Why gold price could drop 25pc
Gold is due a pullback, but long-term investors should stay the course, even a 25pc reversal would only bring it back to where it was a year ago.
Gold has had an extraordinary run. In just over a year it has surged from $US2000 to more than $US3000 per ounce, driven by a perfect storm of tailwinds: persistent inflation, central bank buying, geopolitical uncertainty, concerns over government debt and Trump’s tariffs.
For retail investors, Gold plays a key role as a diversifier, an insurance policy and a safe haven.
Unlike many gold advocates, I have no ties to the gold industry … but, I see its importance in diversified portfolios, especially for Australian investors and self-managed super funds.
For the first time in 10 years, retail sentiment feels overwhelmingly bullish. With US tech shares struggling, gold stands as the only major bull market left, attracting a surge of investors seeking safety. When sentiment becomes this one-sided, history suggests volatility isn’t far behind.
At some point this year I expect a sharp 15 to 25 per cent correction. This isn’t because gold’s long-term case has weakened, but because it has become a crowded trade. After more than doubling since 2022 with only shallow pullbacks, many investors who are hiding in gold will be unprepared for a deeper drawdown. In short, the latecomers who have recently jumped onto the gold bandwagon need to be shaken out before the bull run can continue.
Why gold could retreat
I can see five potential catalysts which could lead to a pullback in gold this year:
1. A de-escalation of geopolitical tensions. Wars in Ukraine and the Middle East, combined with Trump’s trade wars, have driven safe-haven demand. If diplomatic breakthroughs occur on any of these fronts, some of gold’s risk premium could unwind.
2. Higher-for-longer interest rates. Gold has historically moved inversely to real interest rates, rising when yields fall. However, over the past 18 months, gold has decoupled from this relationship, rallying even as real rates remained elevated. If this relationship recouples, higher real yields could put downward pressure on gold.

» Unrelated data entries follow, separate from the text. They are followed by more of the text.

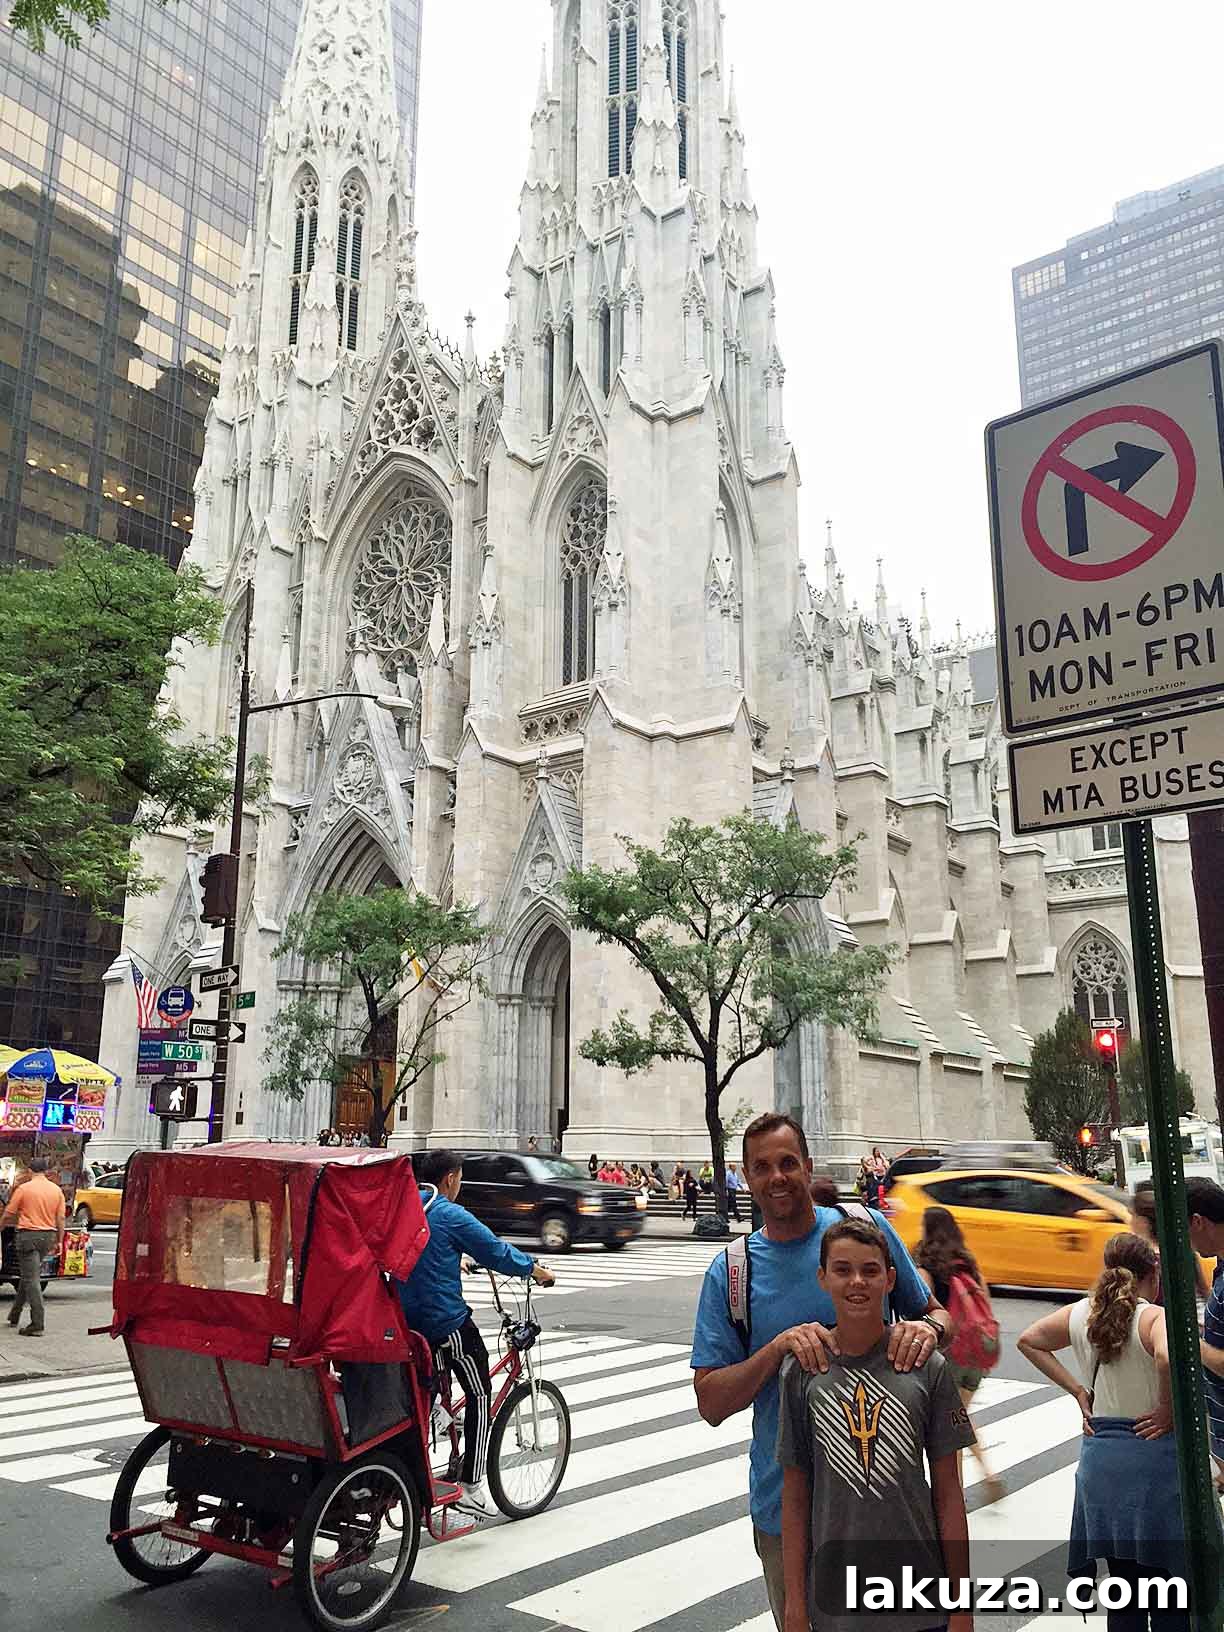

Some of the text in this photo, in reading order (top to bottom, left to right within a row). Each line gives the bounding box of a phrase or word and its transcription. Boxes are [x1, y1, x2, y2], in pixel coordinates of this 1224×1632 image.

[1014, 572, 1224, 656] 10AM-6PM
[1028, 627, 1216, 702] MON-FRI
[1058, 703, 1080, 712] DEPT
[1106, 680, 1187, 702] TRANSPORTATION
[1070, 726, 1188, 773] EXCEPT
[1043, 760, 1224, 815] MTA BUSES
[203, 976, 215, 986] ONE
[238, 995, 244, 1008] 5
[194, 1025, 212, 1035] ONE
[164, 1044, 174, 1057] W
[178, 1045, 193, 1059] 50

3. A return to market stability. Gold’s strength has been partly due to economic slowdown fears and stock market volatility. If at some point risk appetite improves, even temporarily, investors may rotate out of gold and back into risky assets.
4. Silver and gold stocks are lagging. Typically gold miners and silver rise at a multiple of gold’s price. Yet they’ve failed to keep pace, suggesting internal weakness.

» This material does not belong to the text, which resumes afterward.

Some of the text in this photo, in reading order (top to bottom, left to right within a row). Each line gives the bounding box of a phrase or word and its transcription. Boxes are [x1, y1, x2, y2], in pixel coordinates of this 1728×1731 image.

5. Gold’s new high in USD hasn’t been confirmed in other currencies. Even though gold hit a new high of $US3040, it has not hit a new high in British pounds, Swiss francs, Yen, or euros. This kind of divergence is often an early technical warning of a market top.
A crowded trade and contrarian signals
One of the strongest signals for a pullback is how popular the gold trade has become this year. Investment banks, which tend to lag markets, have dramatically raised price targets. Macquarie sees US$3500, while Goldman Sachs expects US$3100 by year-end.
Another sign of froth is how institutional investors are reacting. After years of ignoring gold, consultants to the country’s largest super funds are now scrambling to address their underweights. These kinds of late-cycle bullish calls have historically marked short-term tops as there are fewer buyers left to push prices higher in the near term.
Why diversified investors shouldn’t mind
For long-term investors, a correction in gold shouldn’t be a concern. Even if gold falls 25 per cent it would still be significantly higher than even one year ago.
Importantly, gold’s fundamental appeal hasn’t changed:
• As a hedge against government debt and inflation. Global debt levels are unsustainable, and central banks will likely continue prioritising financial stability over inflation control. Unlike shares and bonds, which can move together in inflation shocks, gold provides genuine portfolio protection.
• Central banks are still buying. They’ve been record buyers of gold, shifting away from US treasuries. This trend is unlikely to slow down.
The right mindset for gold investors
Gold should be seen as a long-term allocation rather than a short-term trade. Over the past year many investors have only experienced shallow pullbacks, fostering a sense of complacency.
A sharper correction would be a healthy reminder that even in a strong bull market, gold doesn’t move in a straight line.
For those who missed the rally and have little or no gold exposure, any meaningful dip this year should be seen as an opportunity to rethink allocations.
Chris Brycki is founder and CEO of Stockspot the online investment advice group.